I'm worry if you're finding this discussion to be such a time waster..  My
goal is to improve ASSP for all, not to waste your time, you must know
that.

In the interest of conserving your time - summary question:
*Wouldn't it be better for ASSP to remove duplicate file names in excess of
X from notspam than for it to not remove them and instead remove other
files with more varied notspam content?*

Expanded:

It's helpful for me to now understand that the hmm/bayes analysis doesn't
weigh repetition more heavily than just one file in the opposite folder.
Thank you for that explanation.  When the users do mail merges, a lot of
the time, the body is subtly different (different dear line or other per
person customization for example), but based on what you're saying, I'd
think that they'd be substantially similar enough to act the same way as
you describe.  So good.

But, what is the downside of having ASSP remove filenames with more than X
of the same in notpsam?  I understand that having more wouldn't increase
scoring for the content of >those< messages, but wouldn't it also remove
say 5000 of the OTHER files that we want during a rebuild based on their
age, and therefore give us a file store that's not as diverse as it could
be?  Isn't that a bad thing or at least not as good as it would be if the
duplicate file name emails were removed?

Localfrequency isn't going to help, at least in my case.  If the director
wants to ignore my instruction and policy, she needs to be able to.
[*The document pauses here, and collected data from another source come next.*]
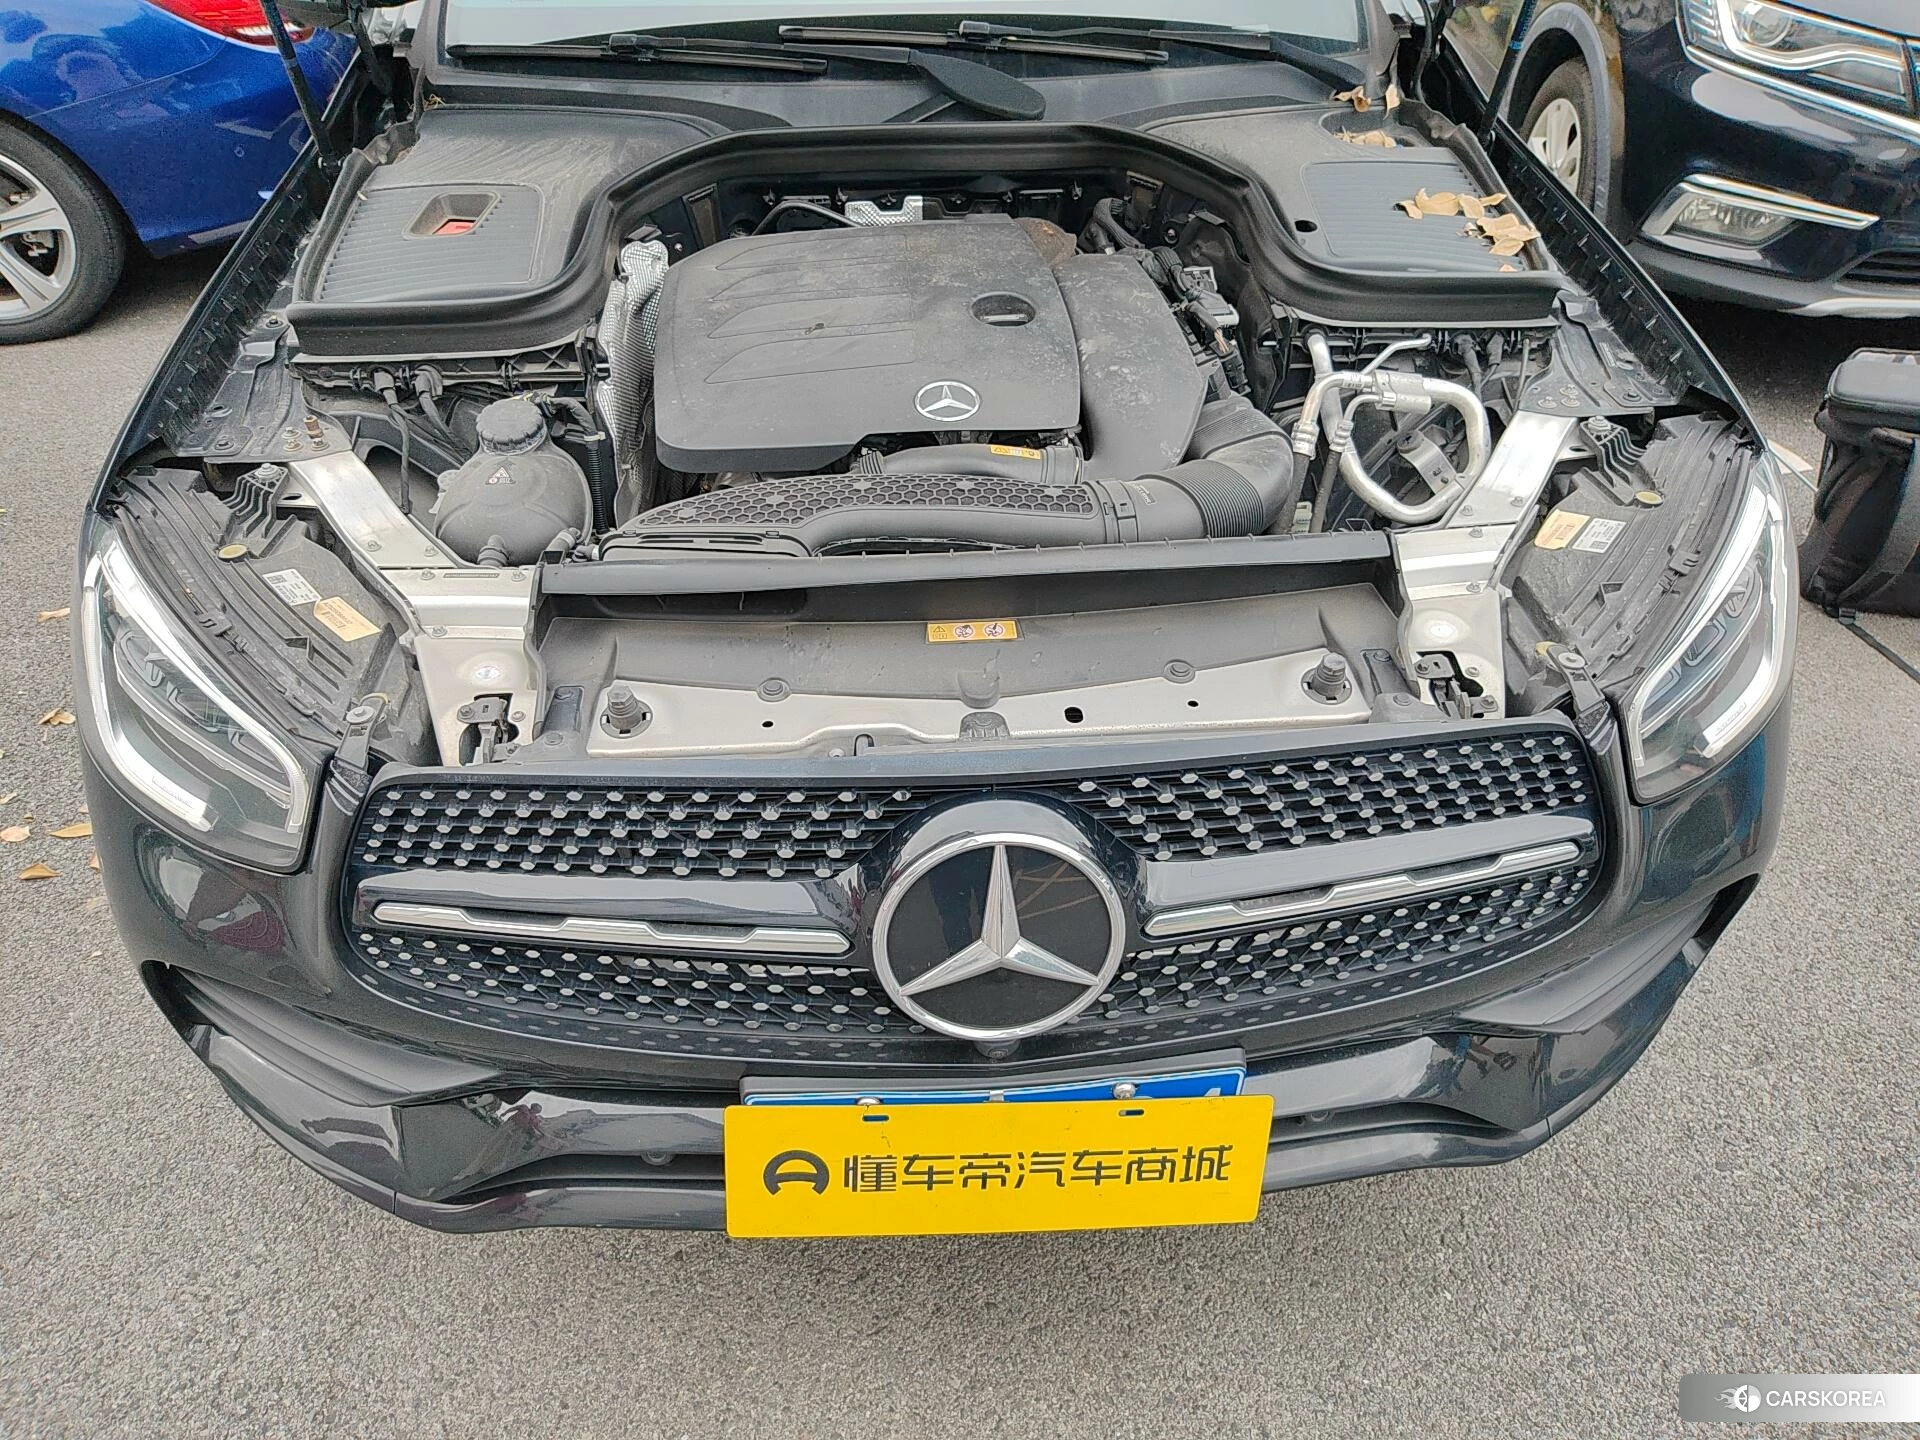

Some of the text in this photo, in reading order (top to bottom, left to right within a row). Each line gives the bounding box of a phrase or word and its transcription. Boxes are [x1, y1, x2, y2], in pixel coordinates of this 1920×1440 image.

[843, 1145, 1233, 1192] 懂车帝汽车商城
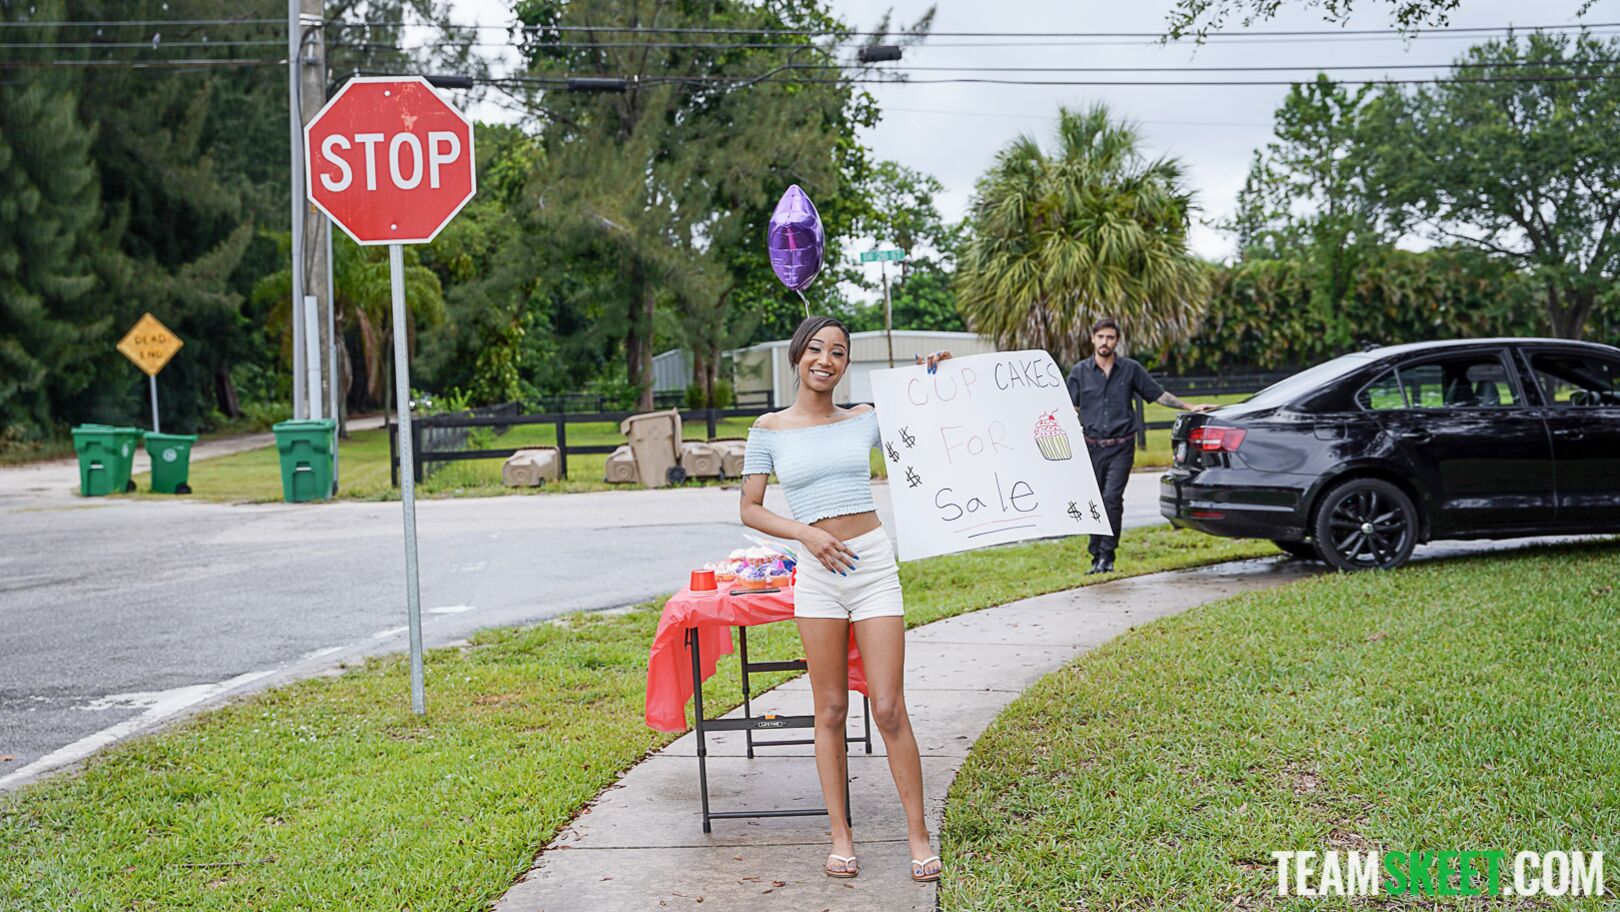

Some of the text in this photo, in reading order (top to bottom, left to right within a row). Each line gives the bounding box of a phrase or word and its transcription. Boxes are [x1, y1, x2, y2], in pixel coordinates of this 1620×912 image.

[320, 131, 461, 192] STOP
[134, 333, 166, 345] DEAD
[139, 348, 164, 360] END
[906, 358, 1061, 406] CUP CAKES
[934, 472, 1039, 521] Sale
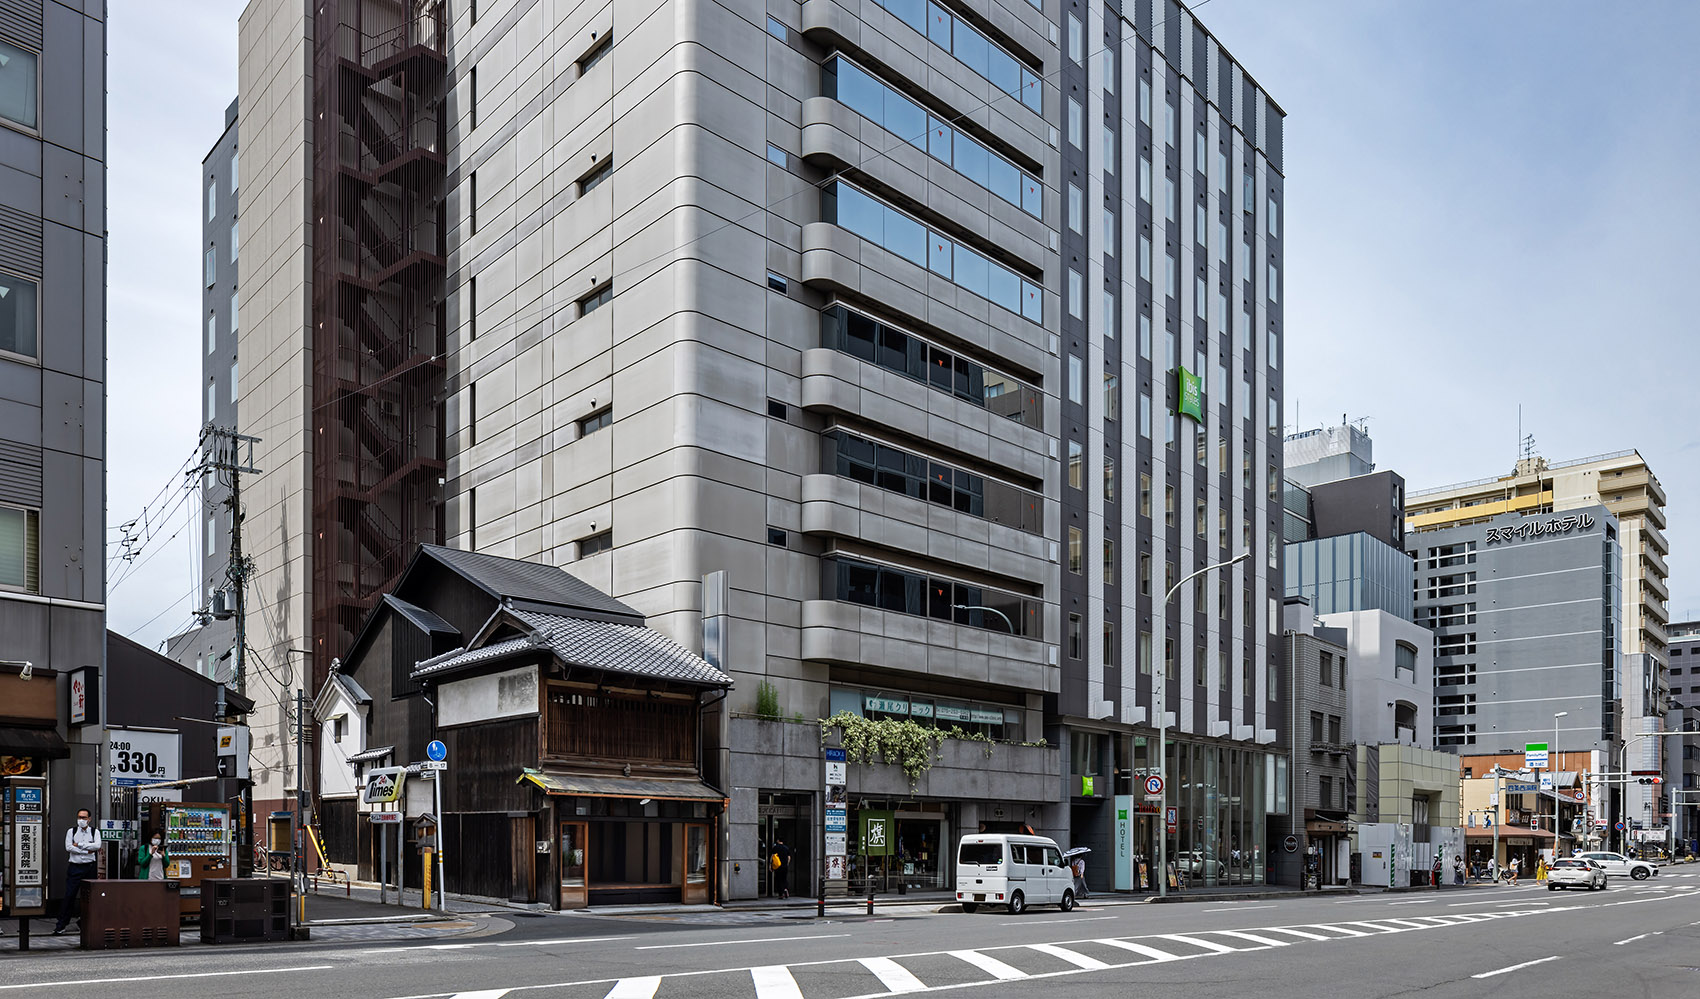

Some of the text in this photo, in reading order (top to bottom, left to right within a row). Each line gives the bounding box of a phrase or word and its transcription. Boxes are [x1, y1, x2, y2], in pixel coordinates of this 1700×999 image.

[1186, 378, 1198, 396] ibis
[1485, 513, 1595, 542] スマイルホテル
[110, 741, 131, 751] 24:00
[118, 751, 157, 774] 330
[158, 766, 166, 775] 円
[369, 782, 394, 799] Times
[869, 822, 885, 844] 旗
[21, 825, 31, 868] 四条西洞院
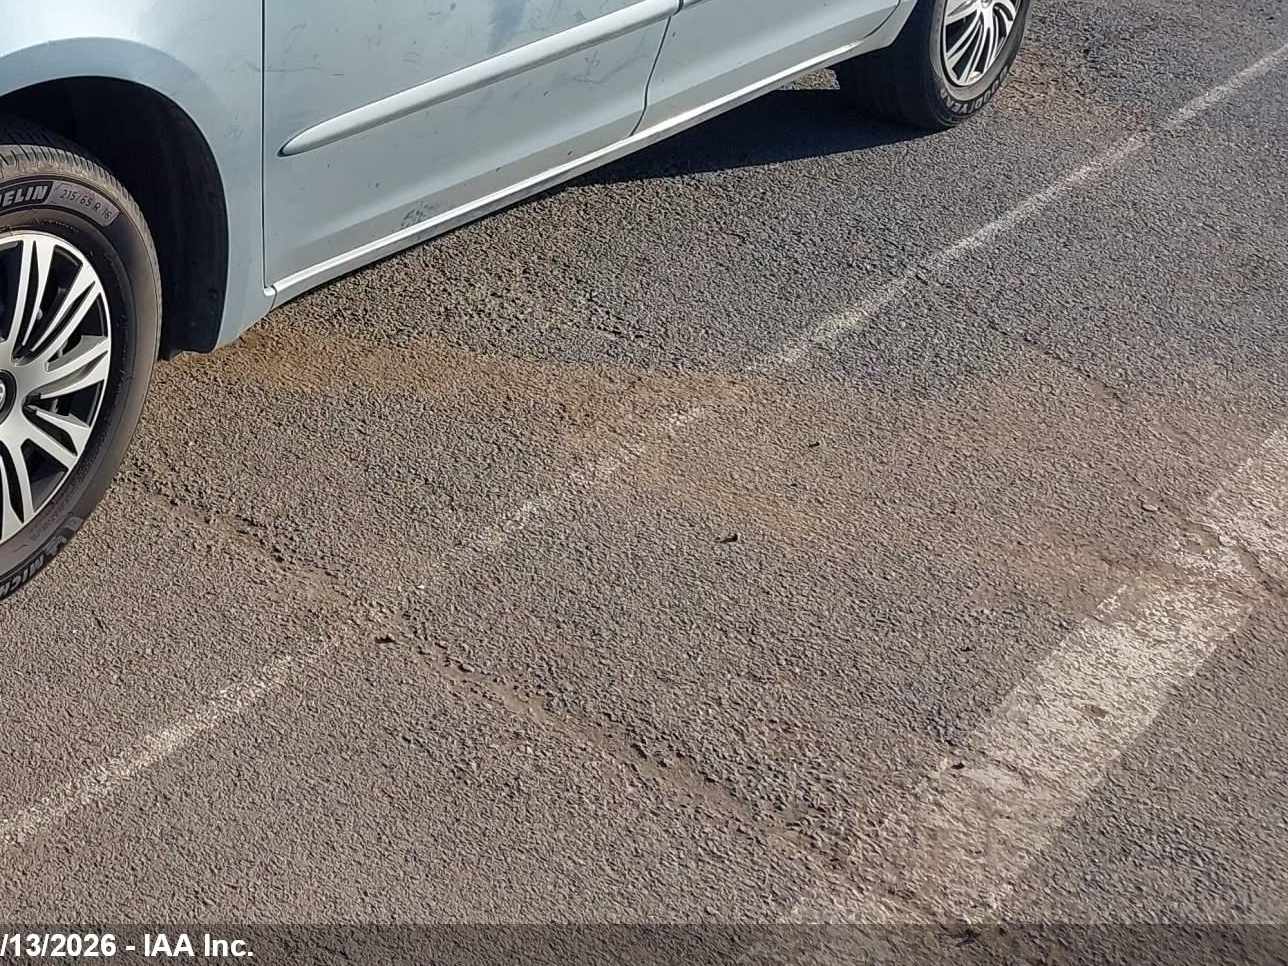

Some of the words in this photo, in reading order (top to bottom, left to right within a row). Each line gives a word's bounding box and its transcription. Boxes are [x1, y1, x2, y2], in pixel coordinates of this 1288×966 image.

[60, 189, 93, 208] 215/65
[93, 202, 102, 212] R
[103, 207, 112, 219] 16
Yes,
this is a policy problem, but the people high up in the charity will always
argue that if they need to send a message, they're going to.  They don't
pay me much, but it's a job that I need - I can't risk that by turning on
localfrequency.  I don't see how nocollecting / re is going to help.  I
have no way of knowing who is going to send next or what they're going to
send.

I guess I just don't see the downside (other than your time in coding and
testing along with a slightly longer cleanup process) to have ASSP remove
those duplicate file names at cleanup time, before removing oldest first.
Wouldn't that be better than having a notspam folder that once cleanup runs
could only have only a handful of files that are significantly different
content (say if a couple users sent a boatload of mailmerges in 1 day)?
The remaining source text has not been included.